* Try it
Your task is to set down the line containing "this 1500×1125 image." and every later line of the entries, word for word, including the last.
(Task material)
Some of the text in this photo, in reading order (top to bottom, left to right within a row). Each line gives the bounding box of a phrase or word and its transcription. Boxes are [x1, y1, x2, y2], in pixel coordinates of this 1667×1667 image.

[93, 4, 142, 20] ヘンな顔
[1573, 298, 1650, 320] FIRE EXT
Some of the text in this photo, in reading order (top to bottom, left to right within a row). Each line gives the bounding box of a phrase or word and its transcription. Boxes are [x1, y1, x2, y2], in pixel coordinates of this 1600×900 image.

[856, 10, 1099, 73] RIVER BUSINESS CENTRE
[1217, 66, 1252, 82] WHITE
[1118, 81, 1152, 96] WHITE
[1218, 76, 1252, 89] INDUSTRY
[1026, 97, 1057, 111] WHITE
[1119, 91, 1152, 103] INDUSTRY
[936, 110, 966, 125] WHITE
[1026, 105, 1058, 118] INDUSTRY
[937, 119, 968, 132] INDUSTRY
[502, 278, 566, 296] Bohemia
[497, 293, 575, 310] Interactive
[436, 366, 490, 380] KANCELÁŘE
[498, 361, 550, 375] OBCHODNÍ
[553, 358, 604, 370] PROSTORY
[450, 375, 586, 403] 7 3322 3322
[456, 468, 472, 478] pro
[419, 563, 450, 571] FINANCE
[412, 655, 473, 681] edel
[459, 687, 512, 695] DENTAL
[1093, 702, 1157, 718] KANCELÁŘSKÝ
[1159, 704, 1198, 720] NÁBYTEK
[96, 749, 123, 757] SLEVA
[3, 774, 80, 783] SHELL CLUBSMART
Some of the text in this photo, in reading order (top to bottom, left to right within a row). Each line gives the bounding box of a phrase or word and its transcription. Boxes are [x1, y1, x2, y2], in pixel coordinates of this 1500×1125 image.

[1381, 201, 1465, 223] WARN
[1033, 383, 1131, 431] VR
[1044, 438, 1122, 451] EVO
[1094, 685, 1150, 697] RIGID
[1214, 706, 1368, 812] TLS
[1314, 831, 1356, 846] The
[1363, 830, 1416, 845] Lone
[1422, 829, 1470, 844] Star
(End Task material)
* Task solution
Some of the text in this photo, in reading order (top to bottom, left to right within a row). Each line gives the bounding box of a phrase or word and its transcription. Boxes are [x1, y1, x2, y2], in pixel coordinates of this 1500×1125 image.

[1381, 201, 1465, 223] WARN
[1033, 383, 1131, 431] VR
[1044, 438, 1122, 451] EVO
[1094, 685, 1150, 697] RIGID
[1214, 706, 1368, 812] TLS
[1314, 831, 1356, 846] The
[1363, 830, 1416, 845] Lone
[1422, 829, 1470, 844] Star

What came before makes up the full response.